ABOUT THIS EXERCISE —
This exercise calls for every record to be returned exactly, with pictures removed.

★ ★ ★ ★ ★

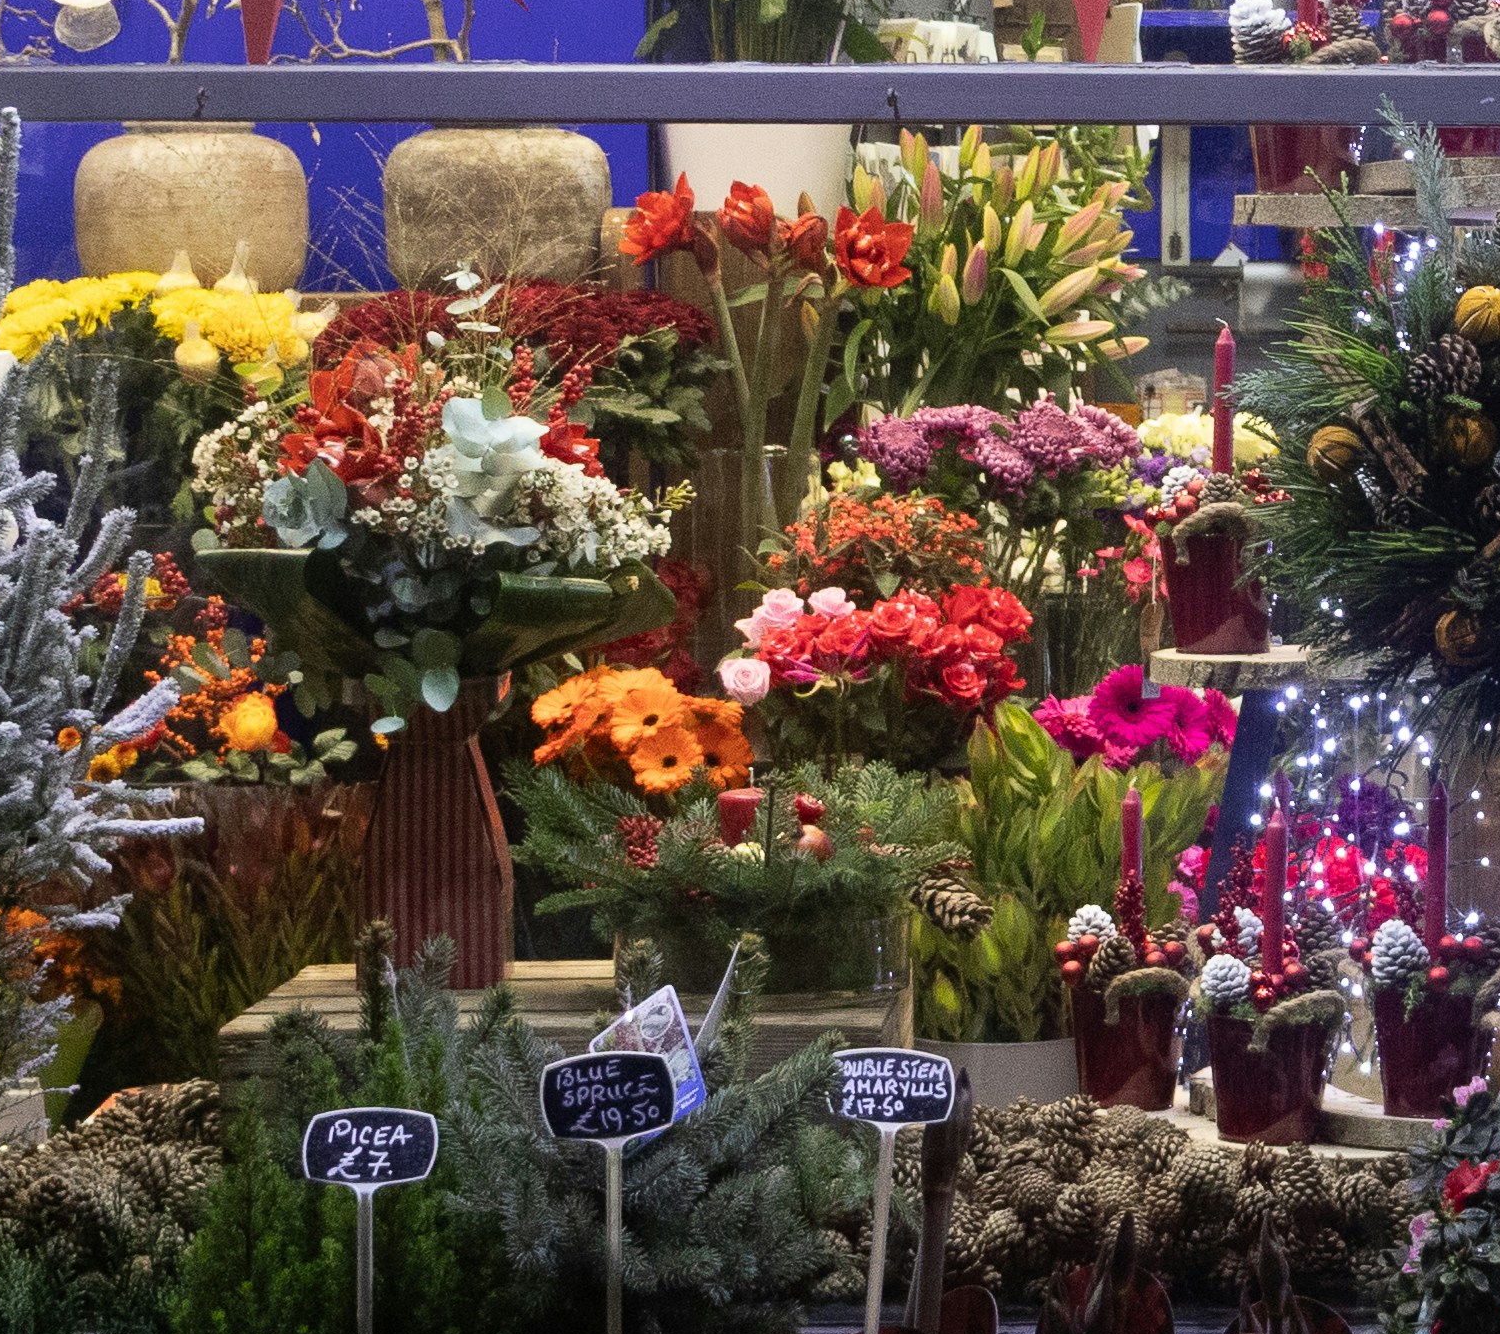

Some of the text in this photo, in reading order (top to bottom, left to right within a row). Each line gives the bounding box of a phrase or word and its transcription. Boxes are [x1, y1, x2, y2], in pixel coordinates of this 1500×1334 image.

[556, 1059, 621, 1090] BLUE
[897, 1059, 946, 1081] STEM
[563, 1073, 659, 1107] SPRUCE
[327, 1119, 414, 1145] PICEA

★ ★ ★ ★ ★

FINISHED TASK —
Some of the text in this photo, in reading order (top to bottom, left to right within a row). Each line gives the bounding box of a phrase or word and its transcription. Boxes are [x1, y1, x2, y2], in pixel coordinates of this 1500×1334 image.

[556, 1059, 621, 1090] BLUE
[897, 1059, 946, 1081] STEM
[563, 1073, 659, 1107] SPRUCE
[327, 1119, 414, 1145] PICEA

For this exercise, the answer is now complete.